East Lansing, Michigan
619 Red Cedar Rd.
East Lansing, Michigan
About the Five-Minute Linguist Competition
The Five-Minute Linguist is originally a high-profile event held by the Linguistic Society of America, which features eight LSA members giving lively and engaging presentations about their research in a manner accessible to the general public. No notes, no podium, and an actual timer. CALMS is holding its own version of the Five-Minute Linguist Competition. The goal of this event is to encourage linguists to practice presenting their work to a broad audience and to showcase outstanding examples of members who can explain their research in an accessible way. These five-minute presentations are judged by our alumni and guest speaker Ai Taniguchi who won the Five-Minute Linguist 2019. Watch the video of her talk "Why we say stuff."
A special prize will be given to the winner of CALMS Five-Minute Linguist.

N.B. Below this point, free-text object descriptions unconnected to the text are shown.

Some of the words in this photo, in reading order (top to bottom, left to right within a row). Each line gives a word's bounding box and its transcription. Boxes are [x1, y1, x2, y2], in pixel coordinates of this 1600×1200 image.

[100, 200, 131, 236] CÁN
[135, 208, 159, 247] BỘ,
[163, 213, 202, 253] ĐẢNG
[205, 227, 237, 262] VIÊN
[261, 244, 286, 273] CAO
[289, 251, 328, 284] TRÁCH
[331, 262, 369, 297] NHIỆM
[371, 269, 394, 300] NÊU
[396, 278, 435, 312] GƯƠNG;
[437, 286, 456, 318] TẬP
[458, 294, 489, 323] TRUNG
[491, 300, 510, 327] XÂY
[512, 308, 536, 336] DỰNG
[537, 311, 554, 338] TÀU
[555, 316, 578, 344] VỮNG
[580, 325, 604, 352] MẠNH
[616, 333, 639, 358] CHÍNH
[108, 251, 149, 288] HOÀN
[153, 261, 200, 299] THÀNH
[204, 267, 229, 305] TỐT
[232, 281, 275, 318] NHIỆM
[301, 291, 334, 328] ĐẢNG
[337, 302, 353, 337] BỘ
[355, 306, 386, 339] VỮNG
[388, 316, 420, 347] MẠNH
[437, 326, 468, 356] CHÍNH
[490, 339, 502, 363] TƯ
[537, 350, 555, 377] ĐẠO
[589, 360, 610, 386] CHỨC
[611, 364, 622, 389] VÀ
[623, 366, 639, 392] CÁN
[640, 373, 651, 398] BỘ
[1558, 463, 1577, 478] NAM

A special prize will be given to the winner of CALMS Five-Minute Linguist.
The Workshops
SMORE: The Art of Accessible Academic Presentations
Ai Taniguchi
Carleton University
In this workshop, Ai will demonstrate the core strategies for designing an accessible academic talk, which she calls the SMORE of accessible presentations:
- Simplify: Use simple language but preserve the core content!
- Make them feel smart: The audience should feel like they were able to understand a complex topic on their own!
- Overall picture: Give the "gist" of your research that is neither a lie nor a multitude of omissions!
- Revisit research question: Frame your talk primarily around a "big picture" question and secondarily around a data-specific question!
- Examples: Answer the questions via linguistic examples, especially descriptively unacceptable ones!
Workshop participants are encouraged to bring an abstract they have recently written. By the end of the workshop, you will have written a "5 Minute Linguist" style version of the abstract and will receive critical feedback from the 2019 winner herself!
Navigating Jobs Outside of Academia as a Linguist
Steve Johnson
IXL
This workshop will give information about finding linguistics jobs outside of academia, using jobs available in the tech industry as a model. The workshop will walk through a typical non-academic job pipeline, from researching jobs to the on-site interview, exploring common pitfalls that linguists coming from academia face while entering industry. The workshop will help provide insight about the range of non-academic jobs available for linguists, strategies that linguists can use to better communicate with non-linguistics during a job search, and tools to help achieve success on the job market (both academic and non-academic).
About our Speakers
Ai Taniguchi (Ph.D., 2017)
Ai Taniguchi specializes in formal semantics and pragmatics. Much of her research concerns issues in non-at-issue meaning in natural language: her dissertation explored topics in non-truth-conditional intensification such as exclamative constructions. More recently, she has worked on the semantics-sociolinguistics interface and analyzes social meaning using formal semantic theory. Ai is also an advocate for linguistics outreach and pedagogy, and the winner of the 5-Minute Linguist competition at the 2019 Linguistic Society of America annual meeting.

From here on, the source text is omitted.